Heat treatment “four fires”

1. Normalizing

The word “normalization” does not characterize the nature of the process. More precisely, it is a homogenization or grain refinement process designed to make the composition consistent throughout the part. From a thermal point of view, normalizing is a process of cooling in stillness or breeze after the austenitizing heating section. Typically, the workpiece is heated to about 55°C above the critical point on the Fe-Fe3C phase diagram. This process must be heated to obtain a homogeneous austenite phase. The actual temperature used depends on the composition of the steel, but is usually around 870°C. Due to the inherent properties of cast steel, normalizing is usually performed prior to ingot machining and prior to hardening of steel castings and forgings. Air quench hardened steels are not classified as normalized steels because they do not acquire the pearlitic microstructure typical of normalized steels.

2. Annealing

The word annealing represents a class that refers to a treatment method of heating and holding at an appropriate temperature and then cooling at an appropriate rate, mainly to soften the metal while producing other desired properties or microstructural changes. Reasons for annealing include improved machinability, ease of cold working, improved mechanical or electrical properties, and increased dimensional stability, among others. In iron-based alloys, annealing is usually performed above the upper critical temperature, but the time-temperature combination varies widely in temperature range and cooling rate, depending on the steel composition, state and desired results. When the word annealing is used without a qualifier, the default is full annealing.
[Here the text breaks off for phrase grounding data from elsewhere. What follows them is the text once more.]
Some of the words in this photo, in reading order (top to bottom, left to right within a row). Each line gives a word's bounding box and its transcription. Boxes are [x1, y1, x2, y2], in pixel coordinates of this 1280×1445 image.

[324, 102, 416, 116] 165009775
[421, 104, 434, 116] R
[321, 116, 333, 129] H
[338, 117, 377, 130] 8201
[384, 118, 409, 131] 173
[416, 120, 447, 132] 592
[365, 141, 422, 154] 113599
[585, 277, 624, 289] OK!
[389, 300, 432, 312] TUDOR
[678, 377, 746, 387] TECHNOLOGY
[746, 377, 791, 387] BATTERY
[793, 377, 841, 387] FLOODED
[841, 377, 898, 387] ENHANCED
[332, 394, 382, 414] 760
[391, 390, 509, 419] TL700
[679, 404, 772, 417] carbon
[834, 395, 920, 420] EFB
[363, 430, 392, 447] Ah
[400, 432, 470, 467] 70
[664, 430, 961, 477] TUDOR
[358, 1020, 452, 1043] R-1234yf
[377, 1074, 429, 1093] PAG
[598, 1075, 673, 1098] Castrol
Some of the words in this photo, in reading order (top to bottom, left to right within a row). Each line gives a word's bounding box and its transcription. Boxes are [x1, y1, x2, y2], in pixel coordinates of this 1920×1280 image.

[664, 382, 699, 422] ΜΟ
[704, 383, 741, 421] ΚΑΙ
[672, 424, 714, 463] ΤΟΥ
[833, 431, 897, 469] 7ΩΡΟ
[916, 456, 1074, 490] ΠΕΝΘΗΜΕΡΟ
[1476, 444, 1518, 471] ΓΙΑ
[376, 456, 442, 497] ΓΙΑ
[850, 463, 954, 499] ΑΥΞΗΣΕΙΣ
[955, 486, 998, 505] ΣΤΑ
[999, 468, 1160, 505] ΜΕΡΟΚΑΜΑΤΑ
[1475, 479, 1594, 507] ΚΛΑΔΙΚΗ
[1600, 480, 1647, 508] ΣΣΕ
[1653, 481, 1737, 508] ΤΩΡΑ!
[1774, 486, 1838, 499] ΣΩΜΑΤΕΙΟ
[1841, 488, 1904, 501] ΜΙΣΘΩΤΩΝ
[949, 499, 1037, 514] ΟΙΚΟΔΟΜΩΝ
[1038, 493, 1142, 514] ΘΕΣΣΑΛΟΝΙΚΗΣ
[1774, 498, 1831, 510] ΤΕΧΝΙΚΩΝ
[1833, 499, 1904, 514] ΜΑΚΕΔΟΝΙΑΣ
When stress relief is the sole purpose, the process is referred to as stress relief or stress relief annealing. During full annealing, the steel is heated to 90~180°C above A3 (hypoeutectoid steel) or A1 (hypereutectoid steel), and then cooled slowly to make the material easy to cut or bend. When fully annealed, the cooling rate must be very slow to produce coarse pearlite. In the annealing process, slow cooling is not necessary, because any cooling rate below A1 will obtain the same microstructure and hardness.

3. Quenching

Quenching is the rapid cooling of steel parts from the austenitizing or solutionizing temperature, typically from the range of 815 to 870°C. Stainless steel and high-alloy steel can be quenched to reduce the carbide existing in the grain boundary or to improve the distribution of ferrite, but for most steels, including carbon steel, low-alloy steel and tool steel, quenching is for microscopic A controlled amount of martensite is obtained in the tissue. The goal is to obtain the desired microstructure, hardness, strength or toughness with as little potential for residual stress, deformation and cracking as possible. The ability of a quenching agent to harden steel depends on the cooling properties of the quenching medium. The quenching effect depends on the composition of the steel, the type of quenching agent and the conditions of use of the quenching agent. The design and maintenance of the quenching system is also the key to the success of quenching.

4. Tempering

In this treatment, previously hardened or normalized steel is usually heated to a temperature below the lower critical point and cooled at a moderate rate, mainly to increase plasticity and toughness, but also to increase the matrix grain size. Tempering of steel is reheating after hardening to obtain a certain value of mechanical properties and release quenching stress to ensure dimensional stability. Tempering is usually followed by quenching from the upper critical temperature.